Activity:
Output the entries word for word. Omit images.

- - - - -

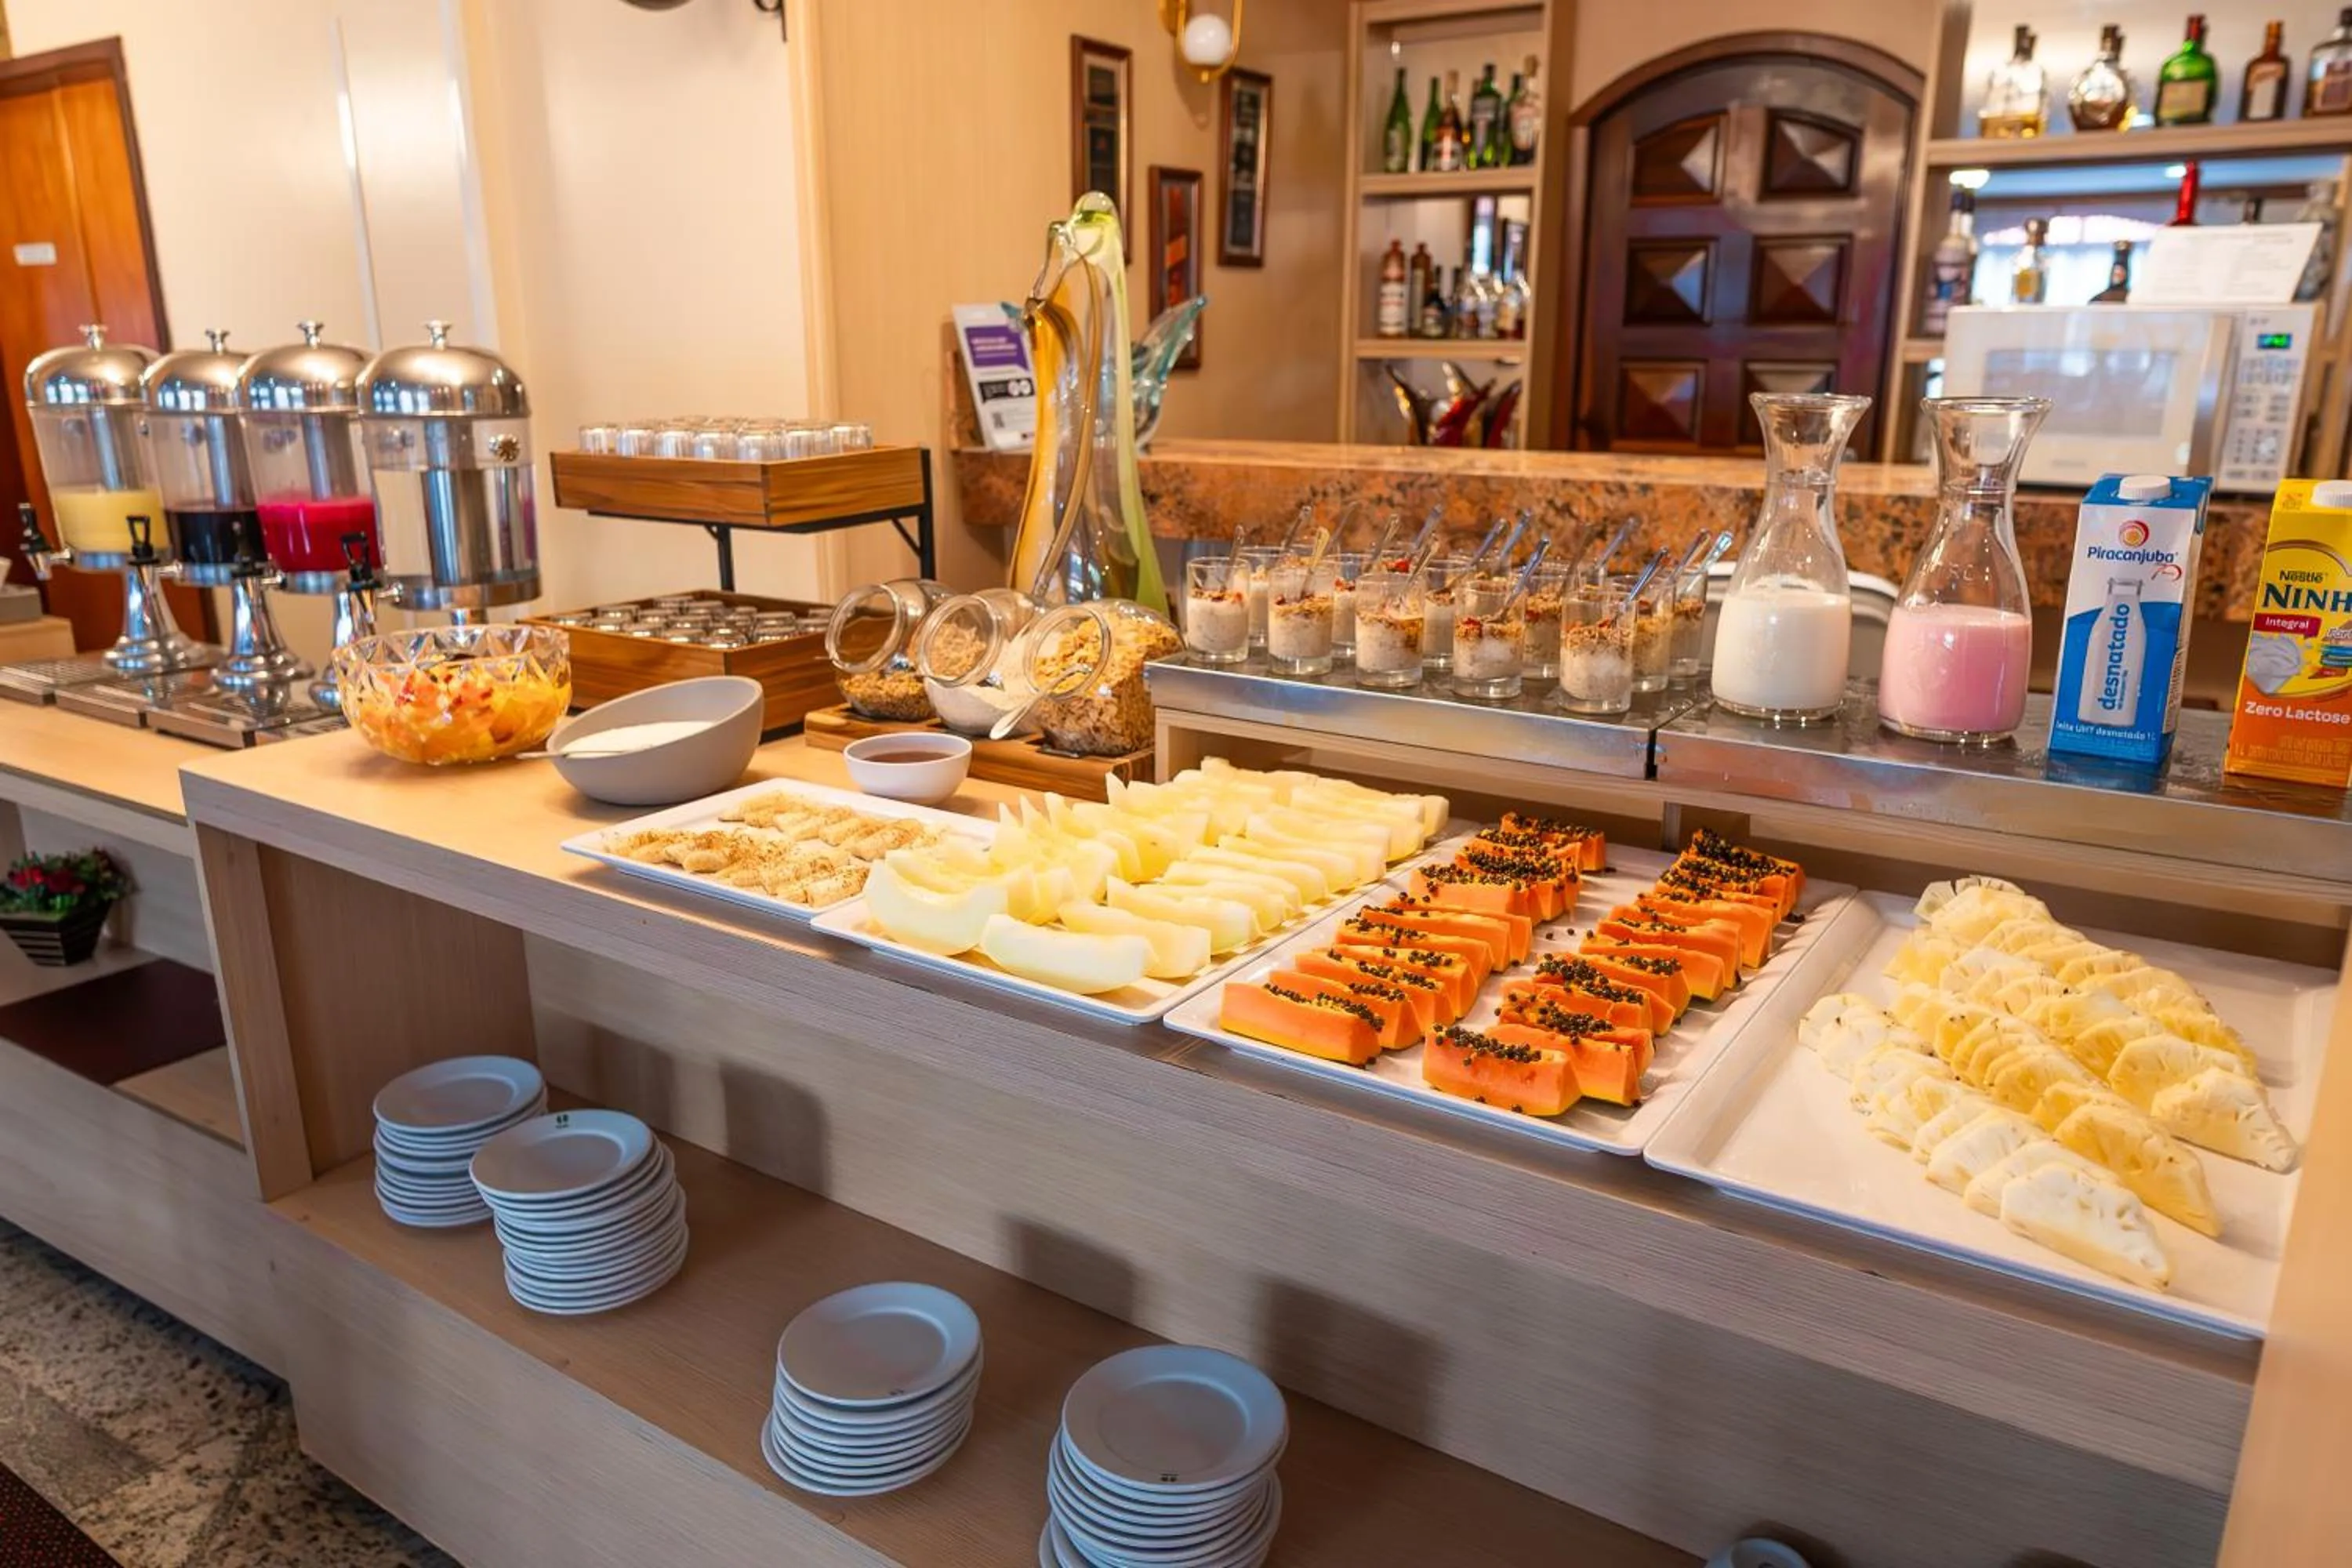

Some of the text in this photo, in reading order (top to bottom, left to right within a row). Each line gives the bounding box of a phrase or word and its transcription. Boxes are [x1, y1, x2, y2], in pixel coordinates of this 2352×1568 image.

[2087, 546, 2175, 564] Piracanjuba
[2265, 616, 2310, 630] Integral
[2097, 603, 2130, 710] desnatado
[2245, 700, 2351, 724] Zero Lactose

- - - - -

Finished exercise:
Some of the text in this photo, in reading order (top to bottom, left to right within a row). Each line gives the bounding box of a phrase or word and its transcription. Boxes are [x1, y1, x2, y2], in pixel coordinates of this 2352×1568 image.

[2087, 546, 2175, 564] Piracanjuba
[2265, 616, 2310, 630] Integral
[2097, 603, 2130, 710] desnatado
[2245, 700, 2351, 724] Zero Lactose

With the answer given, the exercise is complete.